A ABRESST participou da Aula Magna promovida pelo Sincovaga/SP, realizada em 18 de setembro, com o tema “Os impactos da NR-1 a partir de maio de 2026”.
O evento reuniu profissionais de saúde e segurança do trabalho, especialistas e empresas interessadas em se antecipar às mudanças que entrarão em vigor, discutindo requisitos técnicos, jurídicos e ocupacionais decorrentes da atualização normativa.
Durante a aula, foram abordados os principais pontos de alteração da NR-1, incluindo a obrigatoriedade expressa de incluir os fatores de risco psicossociais no Gerenciamento de Riscos Ocupacionais (GRO), conforme a Portaria nº 1.419/2024, com aplicação integral prevista para 26 de maio de 2026, após período educativo de adaptação.
A ABRESST destacou que as mudanças exigem preparação antecipada das empresas, sugerindo medidas como: revisão do Programa de Gerenciamento de Riscos (PGR), atualização de inventários de riscos, avaliação ergonômica, elaboração de planos de ação e capacitação das equipes técnicas e da liderança para gestão de fatores psicossociais.
Além disso, a entidade enfatizou a importância de uma abordagem jurídica clara, para que as organizações compreendam seus deveres, prazos e consequências legais, assim como a implementação de iniciativas voltadas à promoção da saúde mental e bem-estar dos trabalhadores.

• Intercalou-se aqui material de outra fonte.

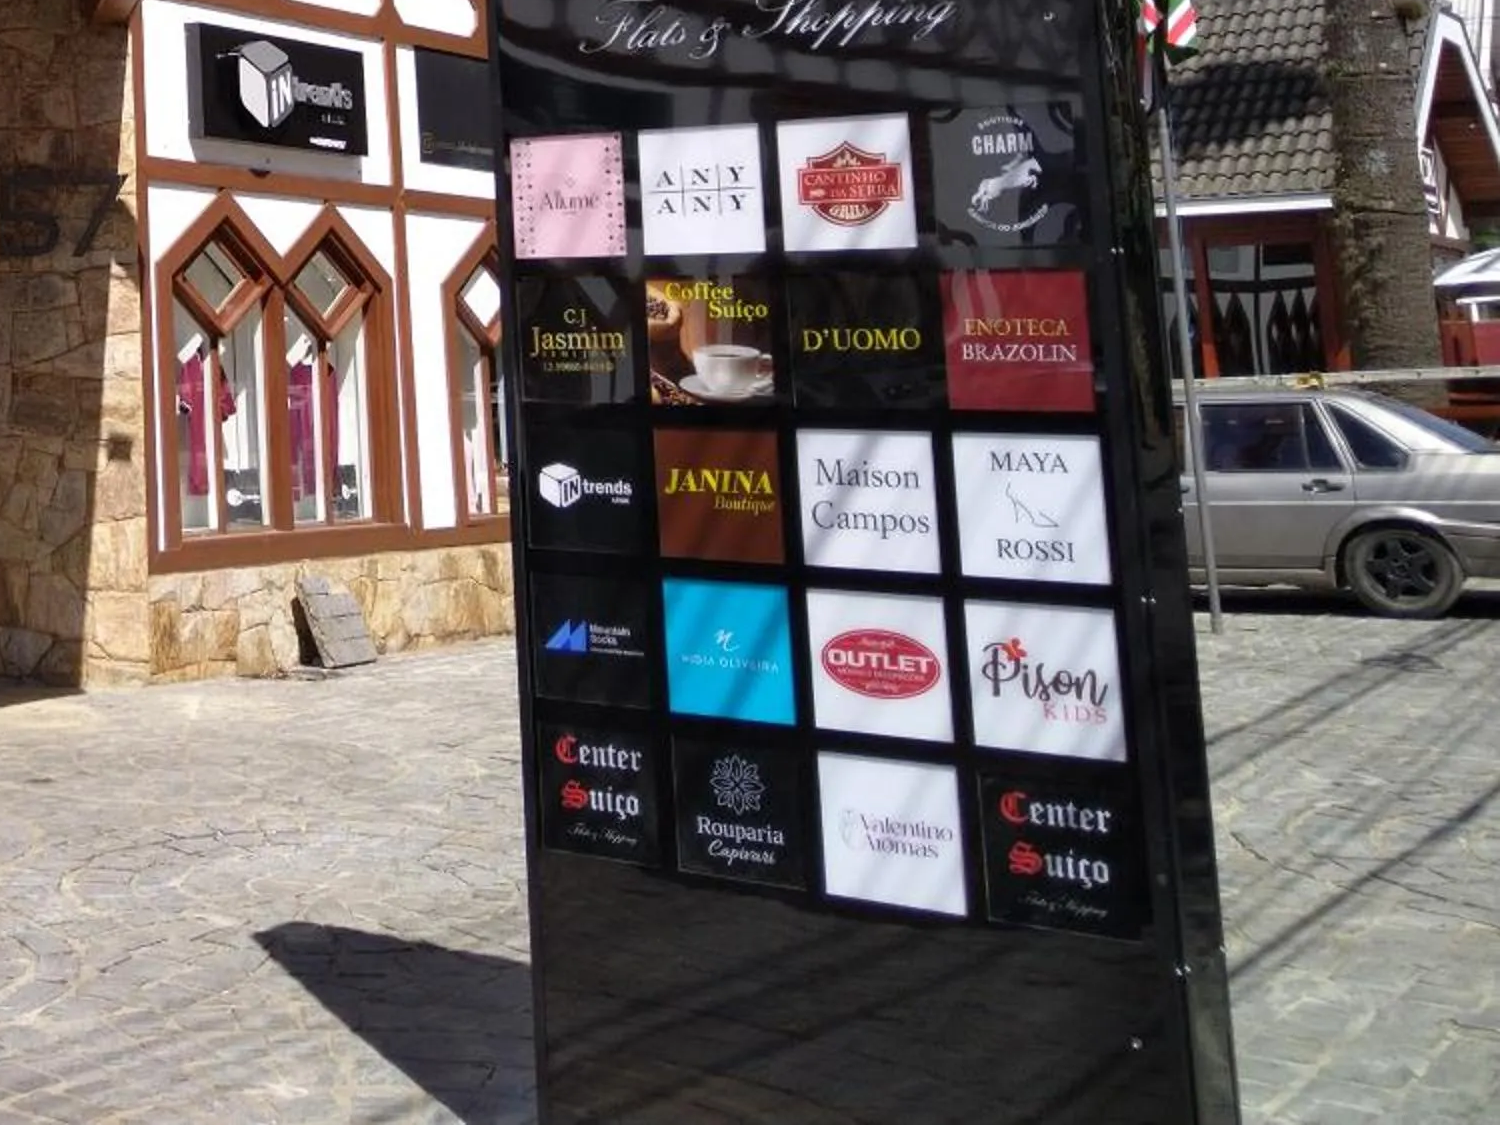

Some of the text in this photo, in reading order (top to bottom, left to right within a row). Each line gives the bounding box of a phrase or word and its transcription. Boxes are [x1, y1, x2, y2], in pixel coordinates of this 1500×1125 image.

[971, 132, 1035, 156] CHARM
[803, 169, 888, 187] CANTINHO
[848, 183, 899, 198] SERRA
[828, 203, 874, 220] GRILL
[664, 282, 735, 302] Coffee
[803, 327, 921, 352] D'UOMO
[963, 317, 1073, 336] ENOTECA
[529, 326, 624, 358] Jasmim
[962, 342, 1077, 362] BRAZOLIN
[814, 457, 920, 490] Maison
[990, 450, 1069, 474] MAYA
[582, 477, 633, 497] trends
[664, 467, 774, 495] JANINA
[713, 494, 775, 516] Boutique
[811, 500, 930, 539] Campos
[996, 537, 1075, 563] ROSSI
[827, 648, 934, 674] OUTLET
[981, 641, 1109, 707] Pison
[1042, 701, 1108, 725] KIDS
[555, 733, 642, 772] Center
[561, 779, 640, 820] Suiço
[1000, 791, 1111, 833] Center
[696, 815, 785, 846] Rouparia
[859, 812, 954, 842] Valentino
[1008, 840, 1110, 888] Suiço

O evento contou com a participação ativa da diretoria da ABRESST, incluindo o presidente Dr. Ricardo Pacheco e o vice-presidente Eduardo Marcatto, que reforçaram a presença da entidade e seu compromisso com a saúde e segurança do trabalho no País, além da jurista Vanessa Sapiencia.
Durante a palestra “A nova era da saúde ocupacional – Como o PCMSO se reinventa a partir da NR-1”, Dr. Ricardo Pacheco destacou o papel transformador do PCMSO, que deixa de ser “mera obrigação burocrática” para se tornar protagonista no gerenciamento integrado da saúde física e mental nas empresas.
Dr. Ricardo apresentou dados expressivos sobre saúde mental, destacando mais de 472 mil afastamentos por transtornos mentais, com aumento de 68% em relação a 2023, incluindo crescimento de 76% nos casos de ansiedade e 69% nos casos de depressão. Ele enfatizou que, sob a nova NR-1, o PCMSO deverá responder não apenas pela saúde física, mas também assumir responsabilidades claras em saúde mental, com diagnóstico precoce, encaminhamento e suporte contínuo aos trabalhadores.
Por fim, a ABRESST reforçou que o PCMSO deve assumir papel estratégico nas organizações, contribuindo para reduzir afastamentos, melhorar o bem-estar dos trabalhadores e fortalecer a função preventiva.
A ABRESST reafirma seu compromisso em apoiar empresas nessa transição normativa, oferecendo suporte técnico, capacitação, disseminação de boas práticas e representatividade institucional, garantindo que a Saúde e Segurança do Trabalho seja cada vez mais humana, integrada e eficaz.